Unsere Seelen tragen offene Wunden
Sebnitz
Zunächst einmal waren und sind wir betroffen von der Voreingenommenheit, mit der über Vorwürfe, Anschuldigungen und Verdächtigungen in den Medien berichtet wurde. In höchstem Maß waren und sind wir gefordert mit diesen für uns völlig überraschenden Ereignissen umzugehen. So sehr wie uns diese Betroffenheit anhängt, bitte ich meine Mitbürgerinnen und Mitbürger, Trauer im eigenen Denken und Fühlen über das zuzulassen, was in den letzten Tagen das Bild über unsere Stadt bestimmt hat.
Ich wünsche mir, dass Menschen Deutschland weit und darüber hinaus mittrauern darüber, wie man im Fall des Josef Abdulla Menschen vorverurteilt hat. Für uns Sebnitzer folgt nach dieser Zeit der Trauer die Aufarbeitung dessen, was wir in diesen Tagen, die durch Wut, Verwirrung und Ungewissheit geprägt sind, erlebt haben. Jeder Einzelne von uns hat hierbei eine große Verantwortung. Es liegt an jedem Einzelnen von uns wie das entstandene Bild über uns in den kommenden Tagen und Wochen in den Medien korrigiert wird.
Wir waren bisher eine beschauliche kleine Stadt mit vielen Vereinen und einem vergleichsweise reichen kulturellen Leben und vielen sportlichen Aktivitäten. Zurzeit tragen unsere Seelen offene Wunden, später werden Narben bleiben. Auch anderswo müssen und können Menschen mit ihren Verletzungen und Narben ihr Leben weiterhin aktiv gestalten.

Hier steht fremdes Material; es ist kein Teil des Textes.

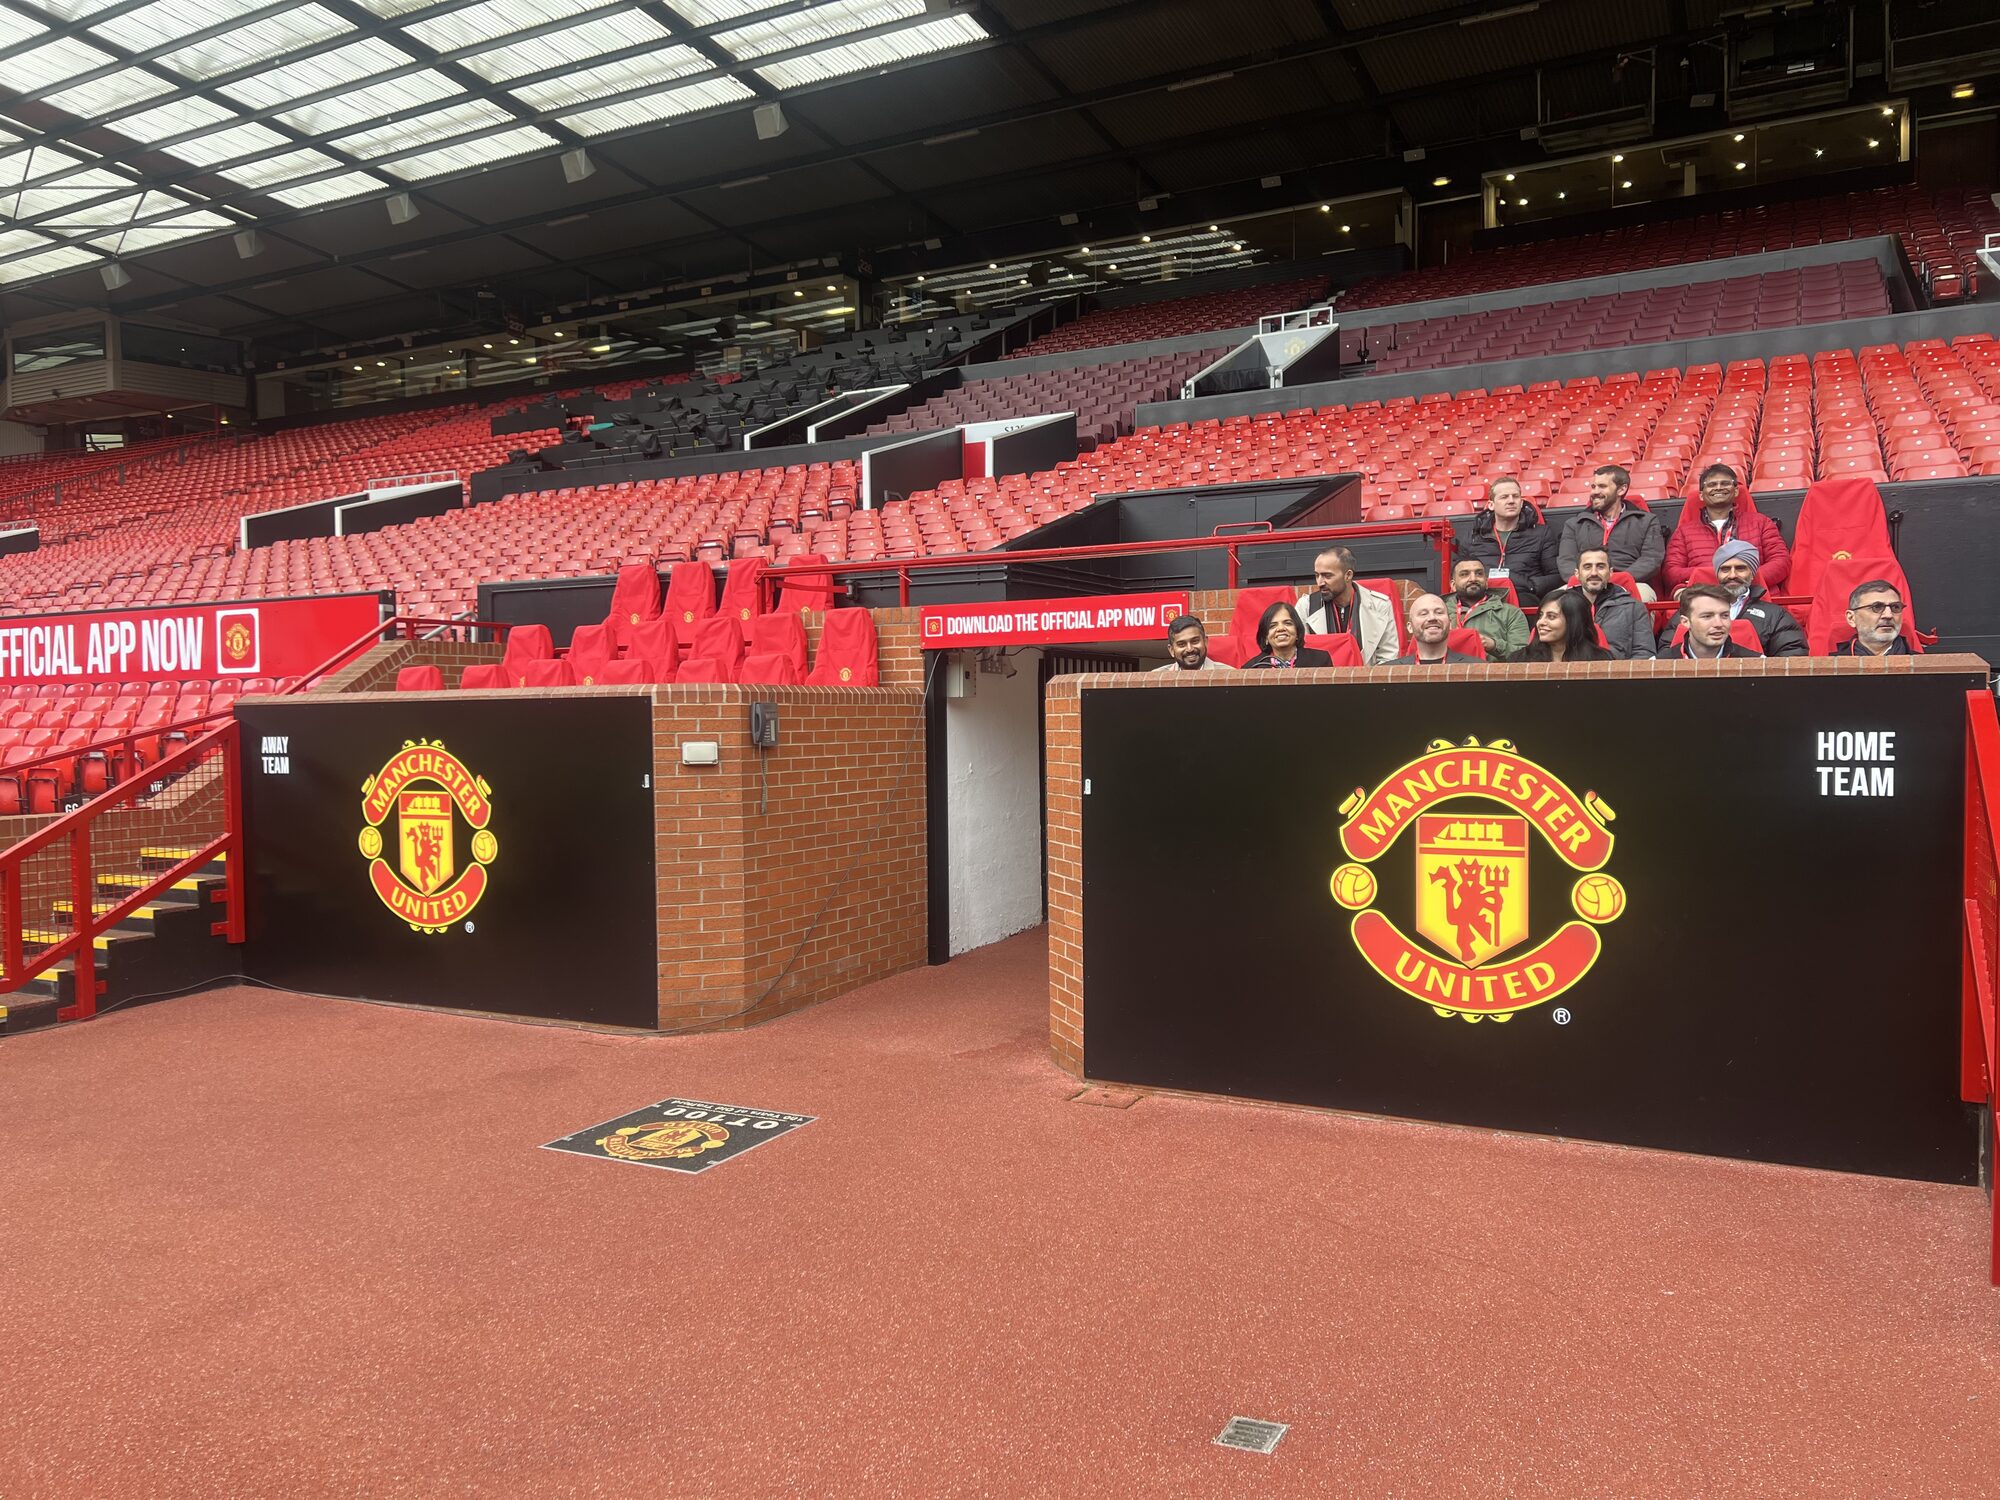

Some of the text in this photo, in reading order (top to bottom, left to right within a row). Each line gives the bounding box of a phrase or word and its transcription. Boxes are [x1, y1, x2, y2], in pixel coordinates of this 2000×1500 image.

[947, 614, 1013, 635] DOWNLOAD
[1014, 613, 1039, 632] THE
[1040, 610, 1095, 631] OFFICIAL
[1096, 608, 1123, 629] APP
[1124, 606, 1156, 627] NOW
[87, 621, 136, 674] APP
[141, 616, 204, 672] NOW
[261, 736, 289, 754] AWAY
[1817, 731, 1896, 761] HOME
[261, 756, 290, 774] TEAM
[371, 753, 481, 817] MANCHESTER
[1816, 766, 1895, 797] TEAM
[1358, 759, 1592, 854] MANCHESTER
[391, 886, 468, 920] UNITED
[1395, 950, 1556, 1002] UNITED
[663, 1107, 780, 1130] OT100

Berücksichtigen Sie bitte auch, dass der Fall des Josef Abdulla noch nicht geklärt ist. Für mich ist es durchaus vorstellbar, dass in den Anschuldigungen ein Kern auszumachen ist, der sich uns allerdings bisher noch nicht zeigt. So haben wir allen Grund bei aller berechtigten Bestürzung zu einem fairen Umgang miteinander, auch mit Familie Kandelberg-Abdulla.